Politics & Government

With just one missed check, workers’ lives can be derailed

When Ann Loyd wasn’t paid for work she did, she contacted the Labor Department, but no action was taken on her behalf.
When Ann Loyd wasn’t paid for work she did, she contacted the Labor Department, but no action was taken on her behalf. cliddy@newsobserver.com

To Ann Loyd, it felt like old-fashioned theft.

Her boss hadn’t paid her for weeks spent tending to troubled women at Your New Beginning, a state-licensed group home in Raeford. When her employer did pay, her check was late and short on hours, state records show.

When an investigator for the state Department of Labor closed the case against Loyd’s employer, Akilia Slocumb, without collecting all the money she was owed, Loyd’s despair grew deeper. Loyd felt as if she didn’t matter.

“I used to feel like Raleigh was the big dogs. You know, you contact Raleigh and they are going to be on it,” said Loyd, 46, who lives with her teenage daughter in Raeford, 80 miles southwest of Raleigh. “I was very disappointed. Disappointed in the whole system. Disappointed that this woman is still riding around like she’s invincible, and I’m suffering.”

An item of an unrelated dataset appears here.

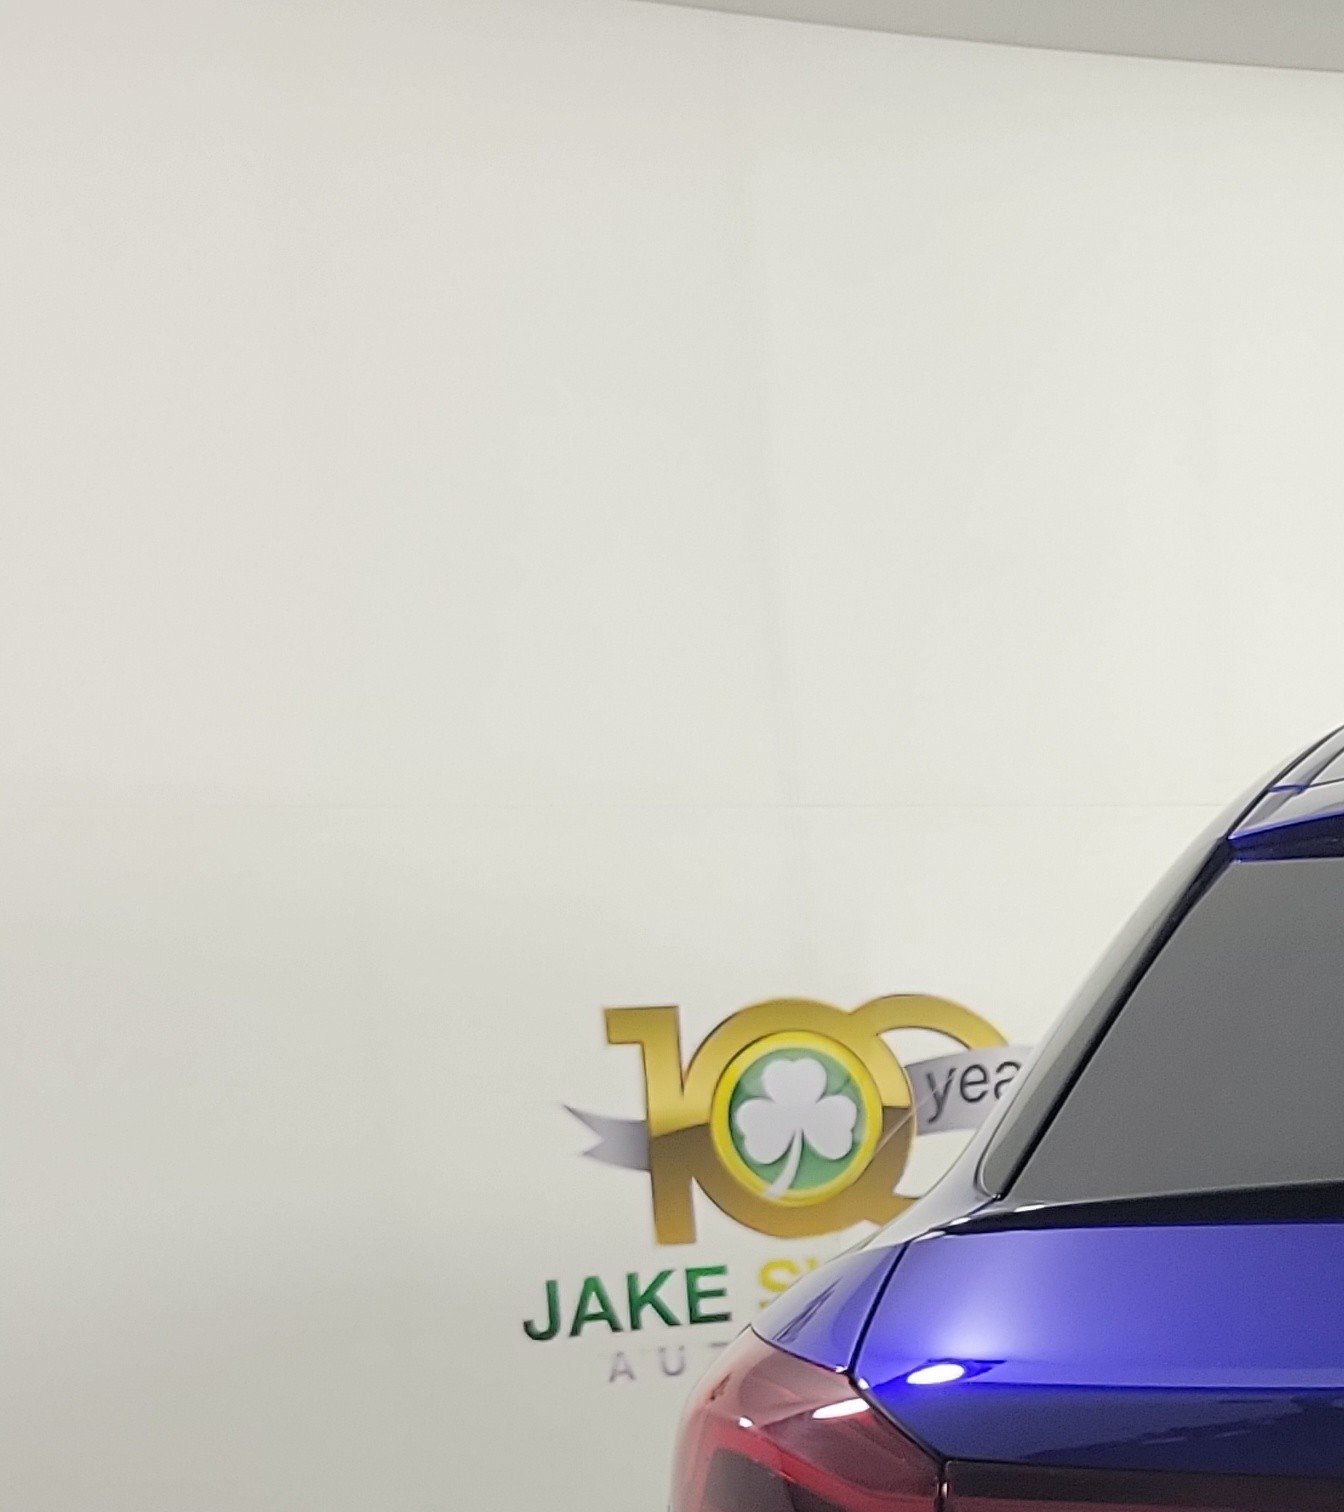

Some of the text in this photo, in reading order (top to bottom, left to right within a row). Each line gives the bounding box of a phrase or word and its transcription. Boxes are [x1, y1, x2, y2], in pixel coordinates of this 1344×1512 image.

[604, 994, 1009, 1245] 100
[926, 1061, 1022, 1124] yea
[523, 1265, 732, 1341] JAKE

While Loyd felt alone, she was one of many. The Labor Department routinely fails to help the workers who turn to it to collect the money they earned.

The News & Observer analyzed more than 1,000 cases from fiscal year 2014 in which labor investigators found that employers owed their workers money. All told, investigators failed to collect $1 million for 617 workers that year, nearly half of what was owed.

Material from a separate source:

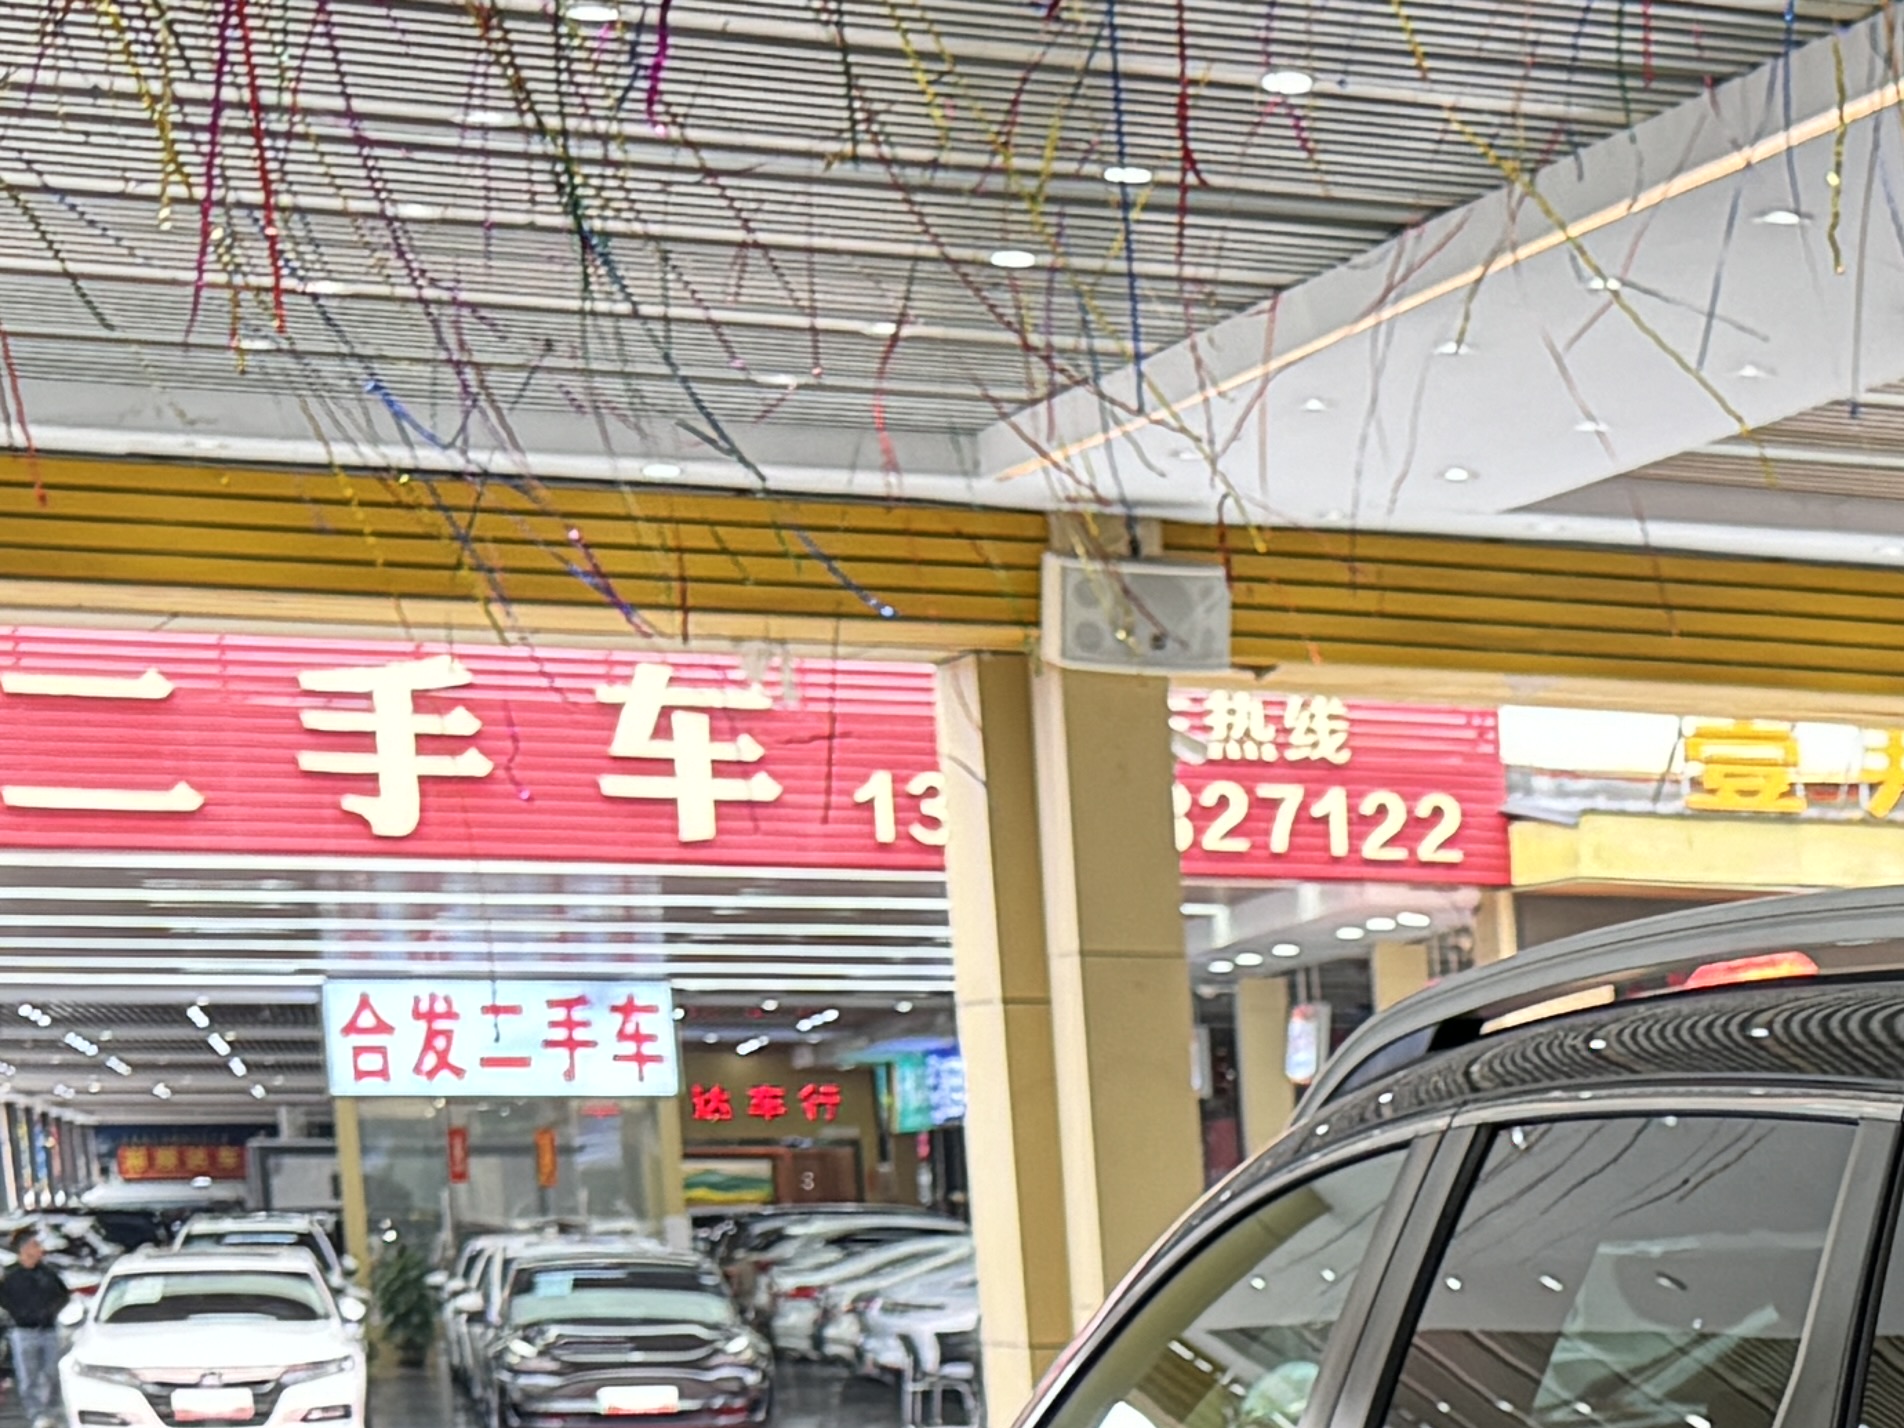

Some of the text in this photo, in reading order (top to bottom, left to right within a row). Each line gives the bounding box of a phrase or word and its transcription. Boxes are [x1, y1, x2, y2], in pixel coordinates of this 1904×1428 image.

[0, 655, 783, 843] 二手车
[340, 991, 665, 1083] 合发二手车

They advised the workers to go to court on their own if they wanted to collect the lost wages, a difficult task for hourly workers with little money for a legal fight. The employers were not punished.

They are already earning poverty wages. If they don’t get paid, (they) forgo having a meal or going to the doctor. Or they end up seeking public assistance.

Haeyoung Yoon, worker advocate for the National Employment Law Project in New York

Many workers were like Loyd, a low-wage earner barely supporting herself when the paychecks came on time. Earning $8.25 an hour, she needed every cent to pay rent and buy groceries for herself and her daughter. When the checks were disrupted, her life spun out of control.

“They are already earning poverty wages,” said Haeyoung Yoon, a worker advocate for the National Employment Law Project in New York, which works to support low-wage workers. “If they don’t get paid, (they) forgo having a meal or going to the doctor. Or they end up seeking public assistance. It’s pretty bleak for these workers and their communities.”

The N&O interviewed nearly 20 workers left short of pay after the Labor Department failed to collect wages their bosses owed.

They lost cars and apartments. The lucky leaned on friends and family, seeking shelter with relatives and paying bills with borrowed money.

Others had to turn to public assistance such as food stamps or Medicaid. Some still carry debt from unpaid bills that stacked up when the pay stopped. For nearly all, the setback still stalks them in the form of credit ruined during the period they struggled to pay bills.

“It took me two years to get back on my feet,” said Lorraine McNeill, 37, of Erwin, who lost $810 of pay after the Labor Department closed the case against Your New Beginning. “My credit got messed up bad.”

While the workers struggled, their former bosses went unscathed. They faced no criminal charges.

The employers didn’t lose business licenses or the right to contract with the state. No one from the state staked a claim on their assets by securing a lien for the wages.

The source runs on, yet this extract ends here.